[Start of Attachment]

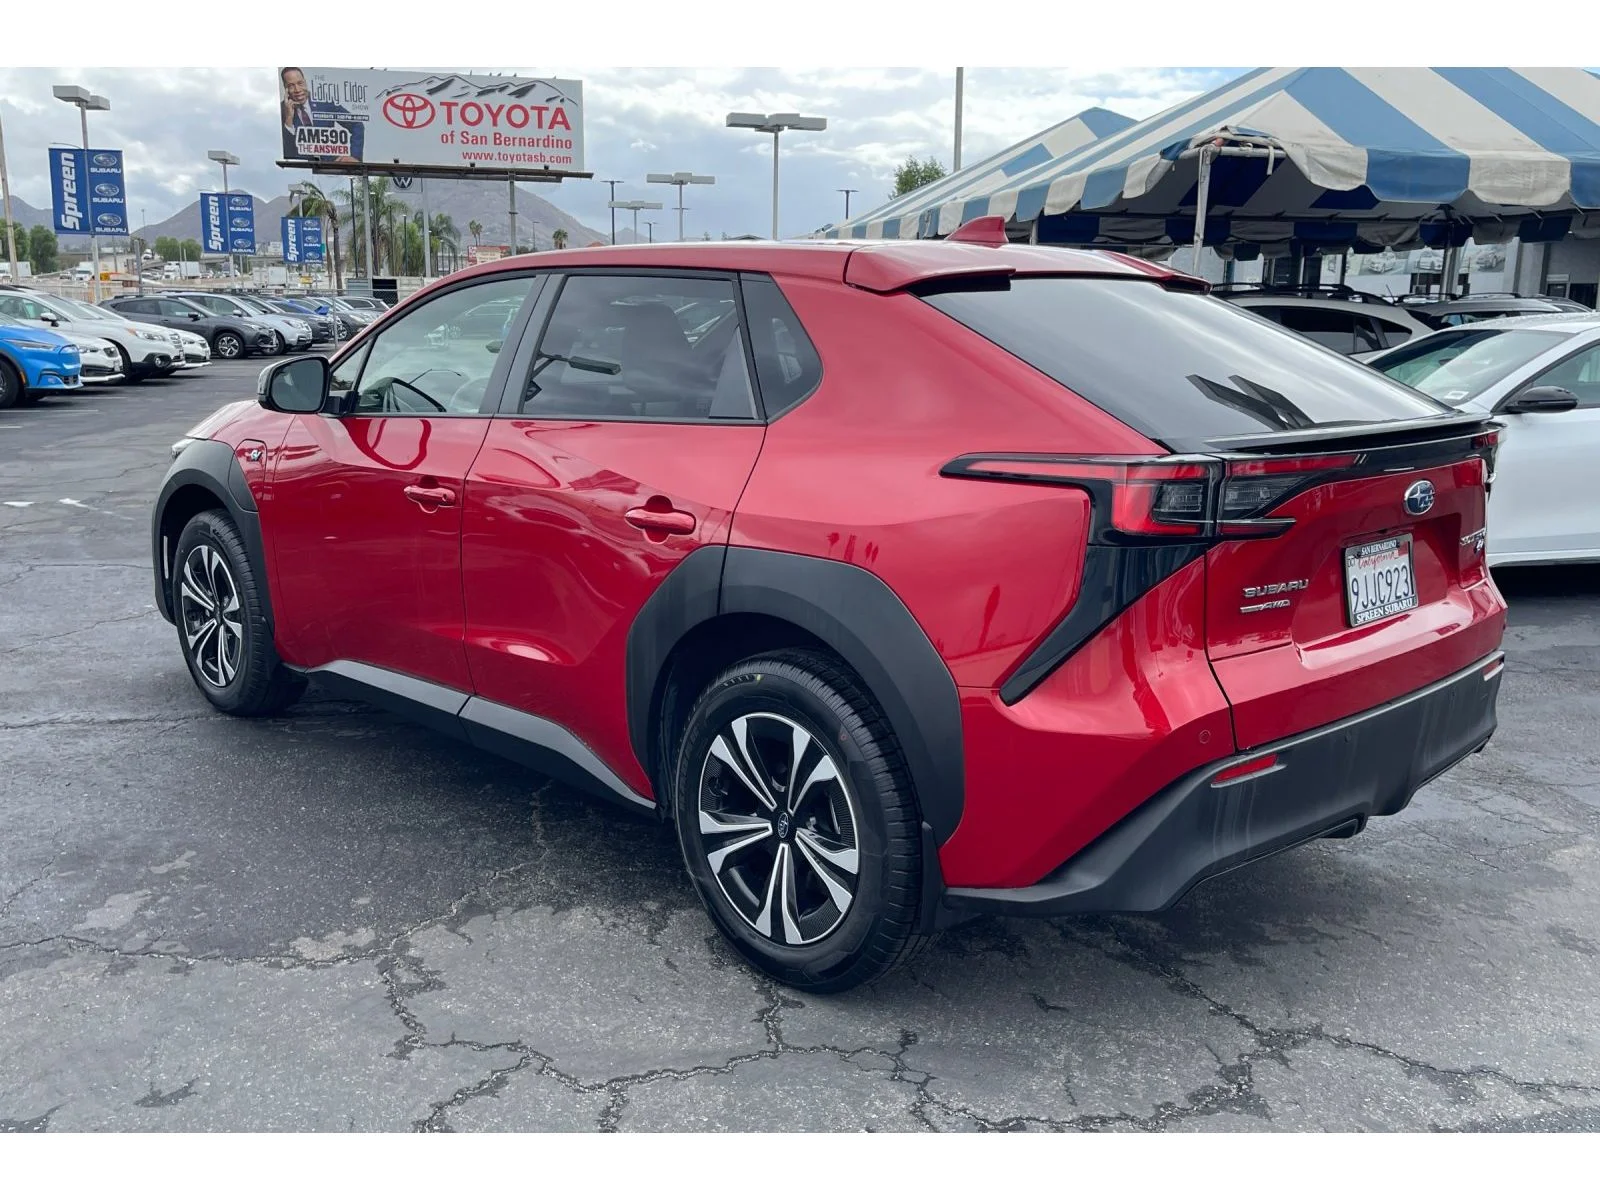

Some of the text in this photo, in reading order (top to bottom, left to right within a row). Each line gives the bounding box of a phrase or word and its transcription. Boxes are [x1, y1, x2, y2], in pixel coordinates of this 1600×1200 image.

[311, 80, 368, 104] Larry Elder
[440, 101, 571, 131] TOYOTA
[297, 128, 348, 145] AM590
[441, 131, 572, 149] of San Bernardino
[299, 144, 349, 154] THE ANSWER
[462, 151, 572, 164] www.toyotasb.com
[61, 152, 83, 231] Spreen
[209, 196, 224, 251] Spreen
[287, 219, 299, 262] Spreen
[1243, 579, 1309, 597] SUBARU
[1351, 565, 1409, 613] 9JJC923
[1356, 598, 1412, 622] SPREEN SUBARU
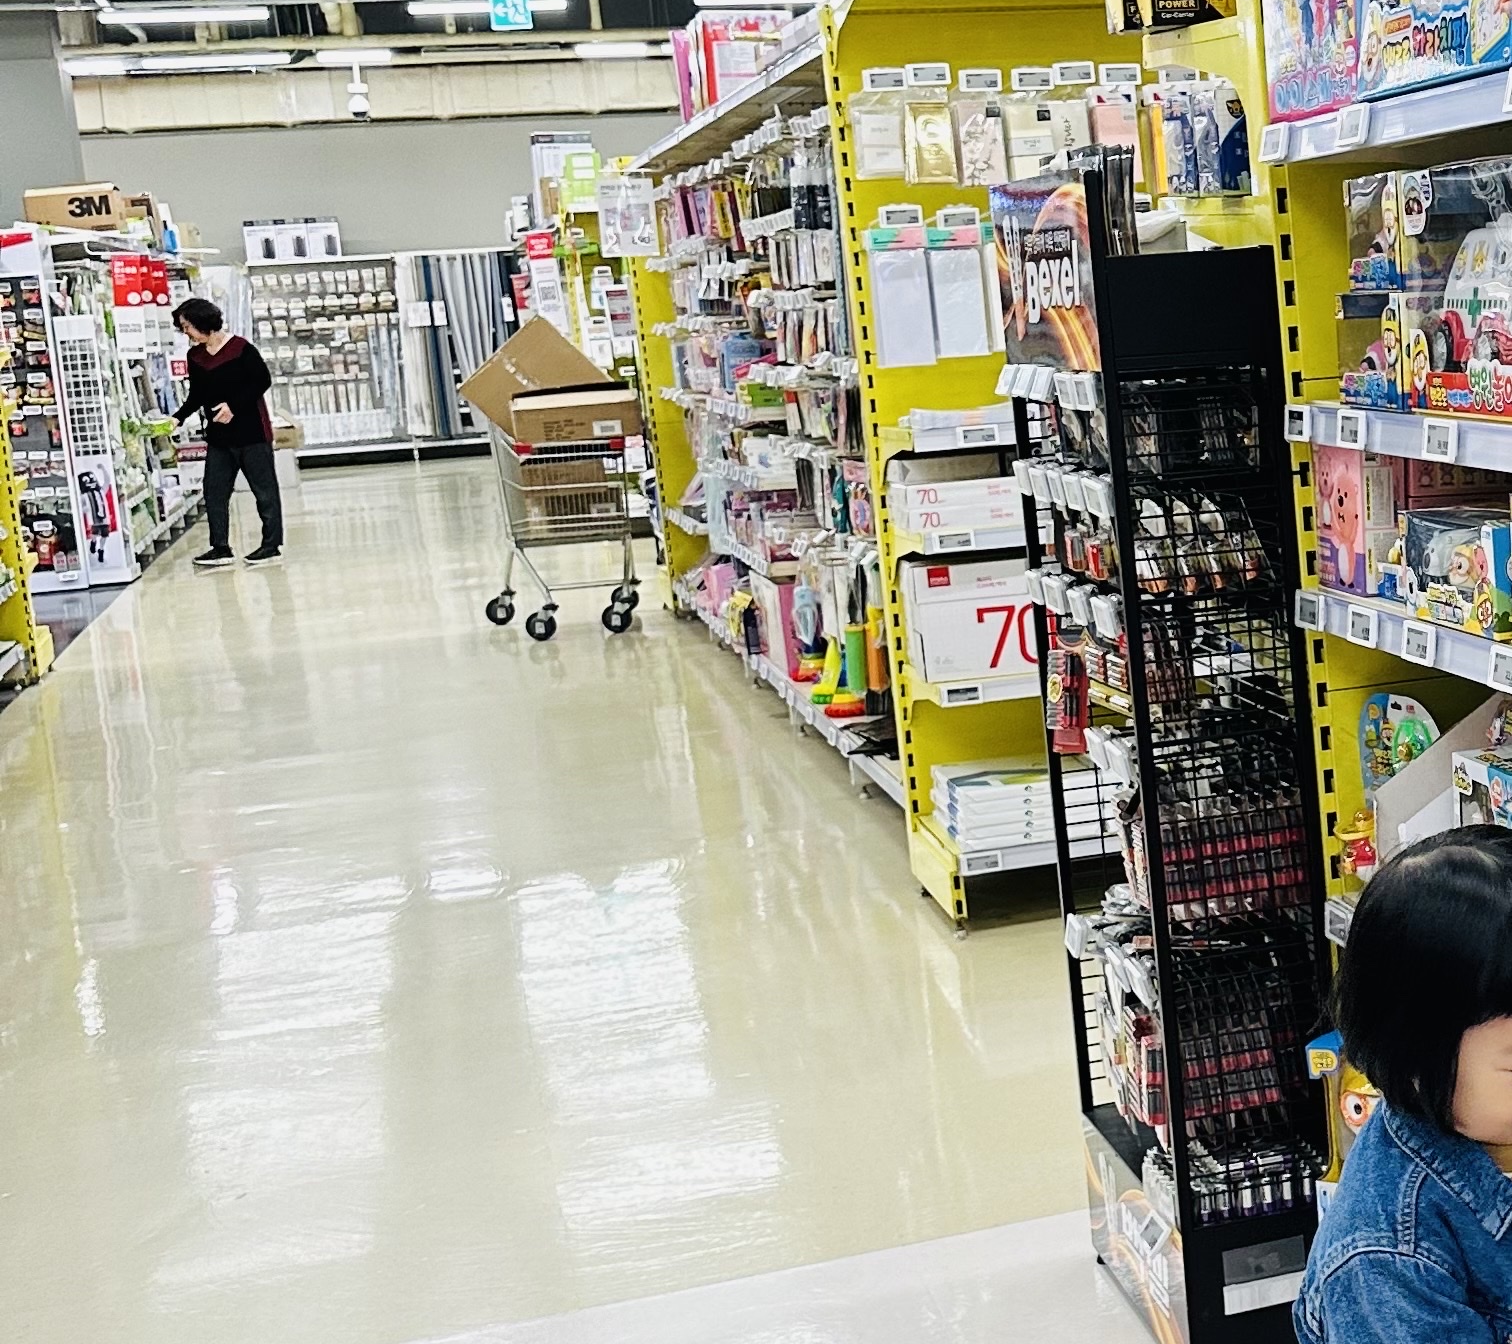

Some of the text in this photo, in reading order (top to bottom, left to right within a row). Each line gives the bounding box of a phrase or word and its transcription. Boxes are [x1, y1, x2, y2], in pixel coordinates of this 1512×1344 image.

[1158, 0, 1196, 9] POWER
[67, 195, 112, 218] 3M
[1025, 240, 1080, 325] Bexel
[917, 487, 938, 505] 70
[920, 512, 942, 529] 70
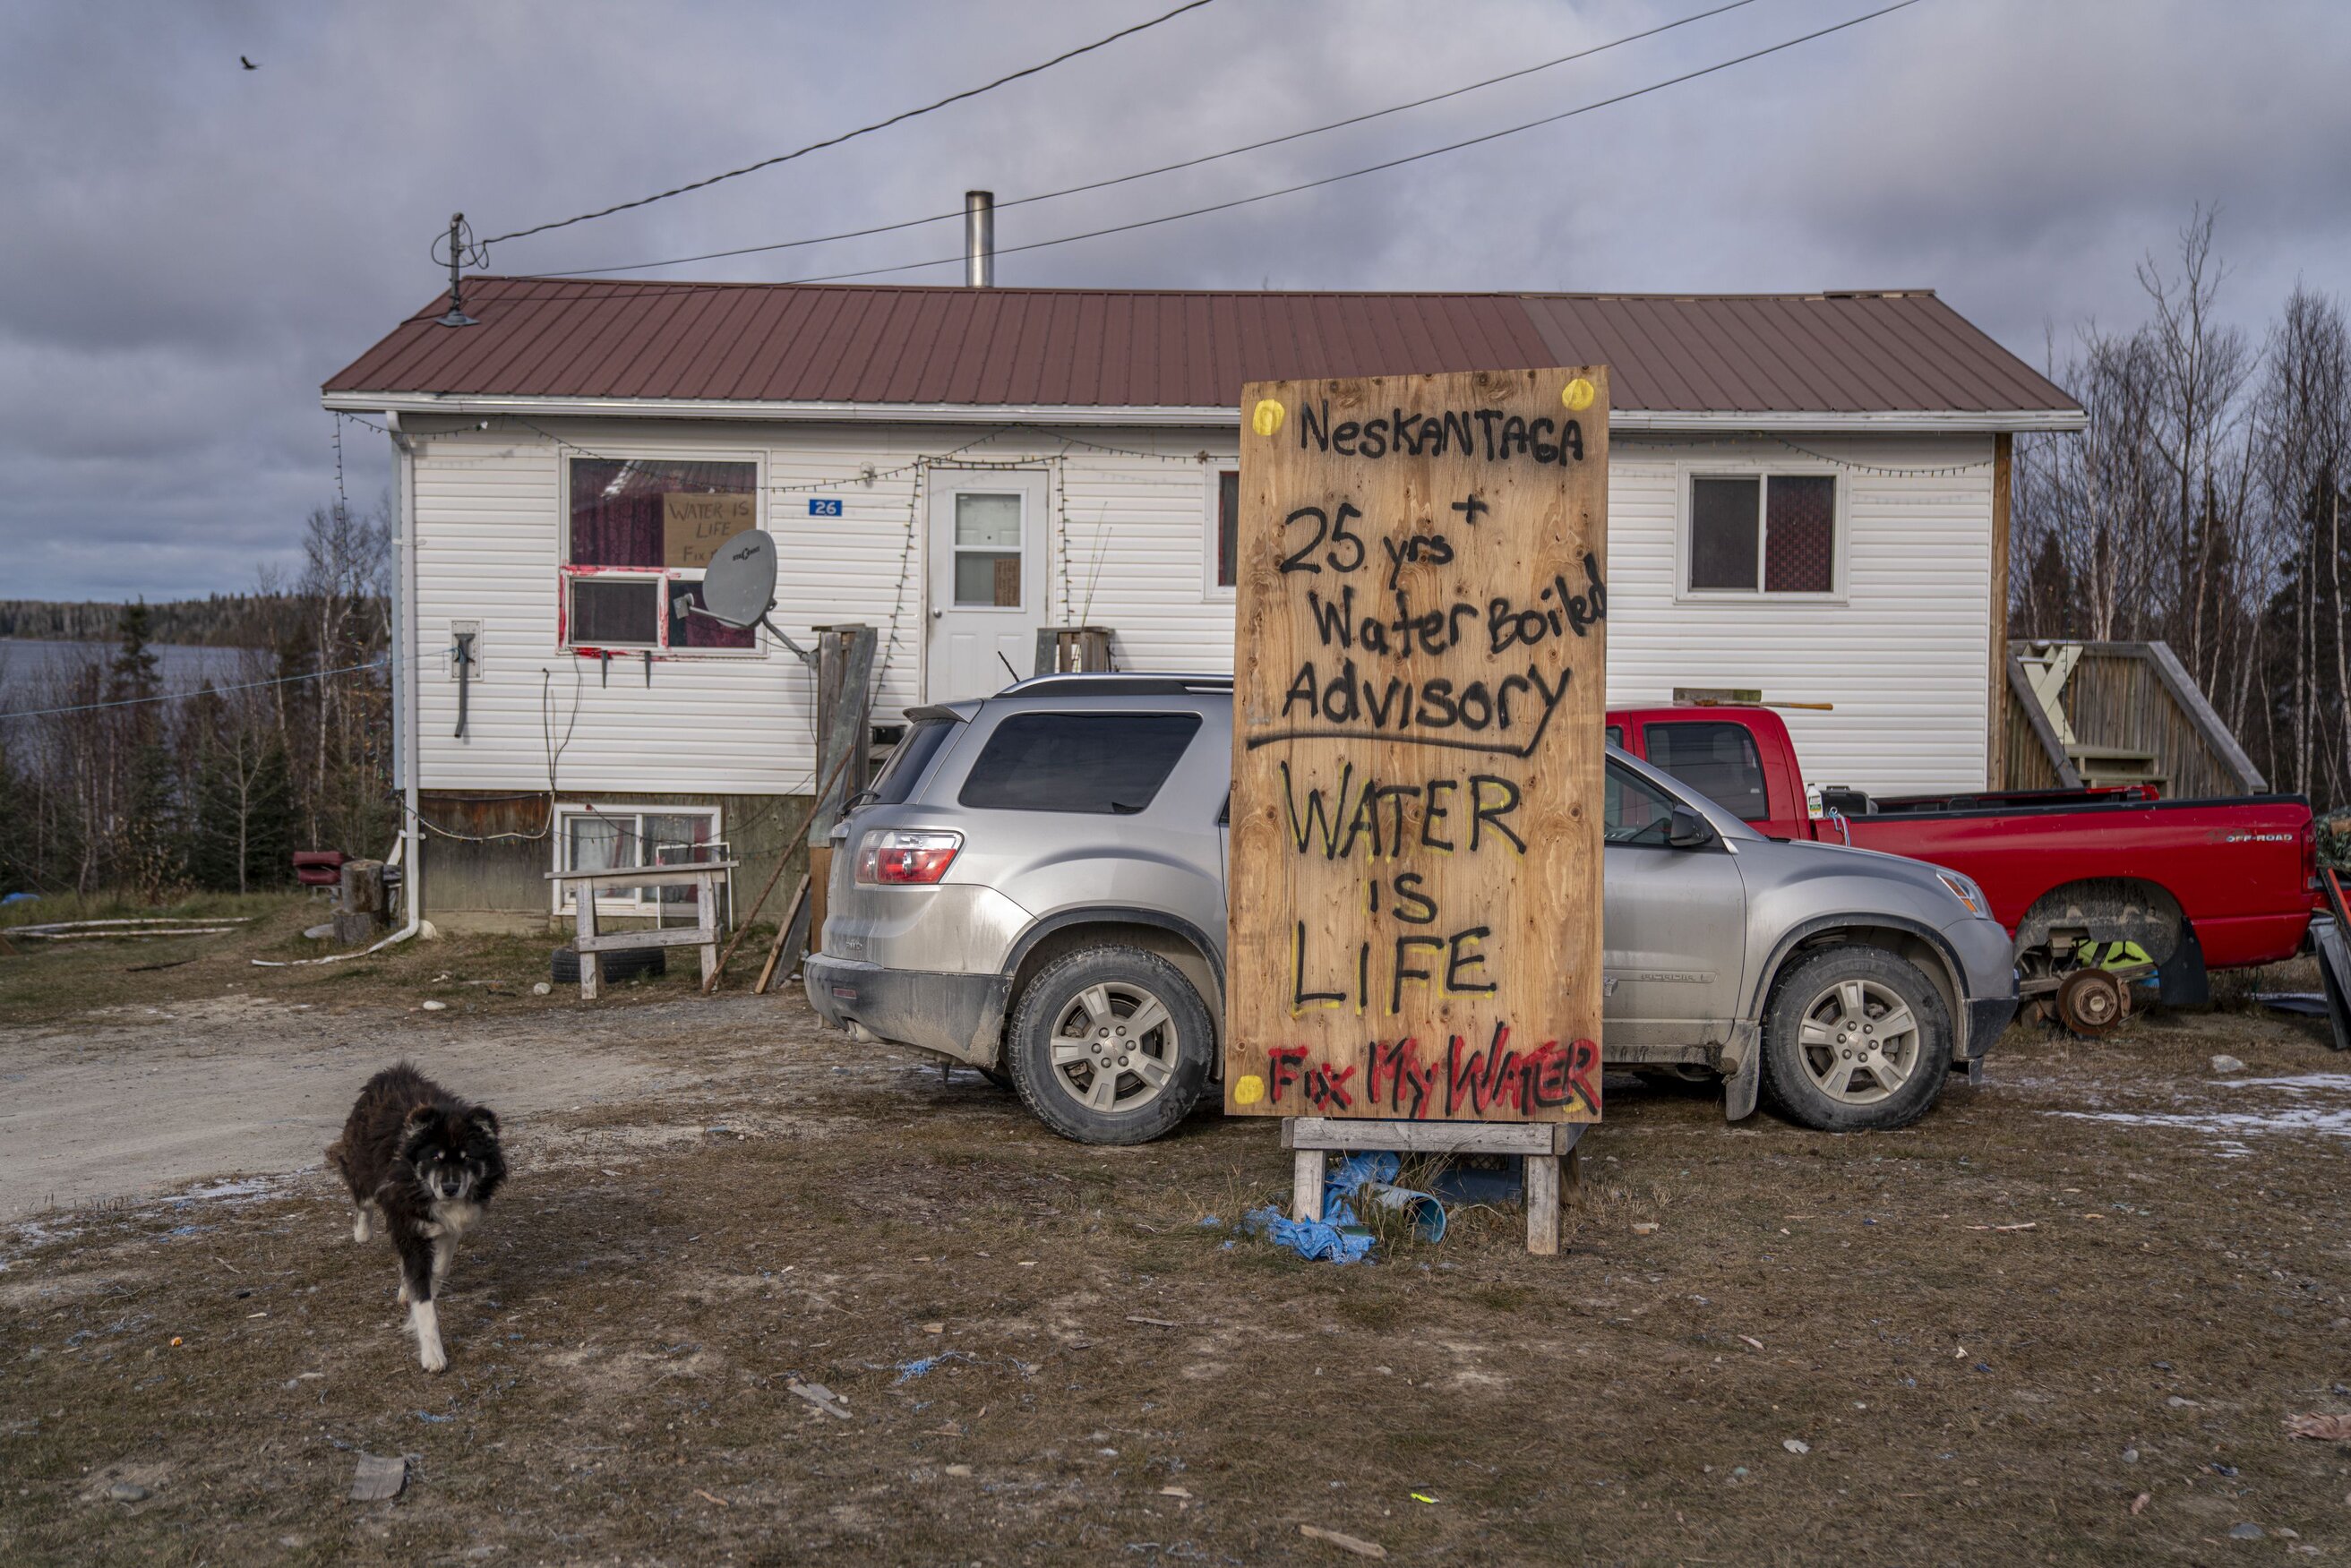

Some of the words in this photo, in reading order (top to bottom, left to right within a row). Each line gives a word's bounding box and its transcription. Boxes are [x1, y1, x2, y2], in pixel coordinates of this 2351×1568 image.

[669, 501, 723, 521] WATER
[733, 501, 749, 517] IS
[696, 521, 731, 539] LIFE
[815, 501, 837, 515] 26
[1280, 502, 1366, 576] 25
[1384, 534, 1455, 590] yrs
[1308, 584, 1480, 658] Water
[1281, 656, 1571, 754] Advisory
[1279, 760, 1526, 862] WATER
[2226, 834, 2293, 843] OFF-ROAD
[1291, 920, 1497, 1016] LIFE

[End of Attachment]

▶ [Task statement]:
Pictures in the entries are to be skipped, and everything else repeated word for word.

▶ [Written solution]:
Some of the text in this photo, in reading order (top to bottom, left to right within a row). Each line gives the bounding box of a phrase or word and its transcription. Boxes are [x1, y1, x2, y2], in pixel coordinates of this 1600×1200 image.

[311, 80, 368, 104] Larry Elder
[440, 101, 571, 131] TOYOTA
[297, 128, 348, 145] AM590
[441, 131, 572, 149] of San Bernardino
[299, 144, 349, 154] THE ANSWER
[462, 151, 572, 164] www.toyotasb.com
[61, 152, 83, 231] Spreen
[209, 196, 224, 251] Spreen
[287, 219, 299, 262] Spreen
[1243, 579, 1309, 597] SUBARU
[1351, 565, 1409, 613] 9JJC923
[1356, 598, 1412, 622] SPREEN SUBARU

Some of the text in this photo, in reading order (top to bottom, left to right within a row). Each line gives the bounding box of a phrase or word and its transcription. Boxes are [x1, y1, x2, y2], in pixel coordinates of this 1512×1344 image.

[1158, 0, 1196, 9] POWER
[67, 195, 112, 218] 3M
[1025, 240, 1080, 325] Bexel
[917, 487, 938, 505] 70
[920, 512, 942, 529] 70

Some of the words in this photo, in reading order (top to bottom, left to right within a row). Each line gives a word's bounding box and its transcription. Boxes are [x1, y1, x2, y2], in pixel coordinates of this 2351×1568 image.

[669, 501, 723, 521] WATER
[733, 501, 749, 517] IS
[696, 521, 731, 539] LIFE
[815, 501, 837, 515] 26
[1280, 502, 1366, 576] 25
[1384, 534, 1455, 590] yrs
[1308, 584, 1480, 658] Water
[1281, 656, 1571, 754] Advisory
[1279, 760, 1526, 862] WATER
[2226, 834, 2293, 843] OFF-ROAD
[1291, 920, 1497, 1016] LIFE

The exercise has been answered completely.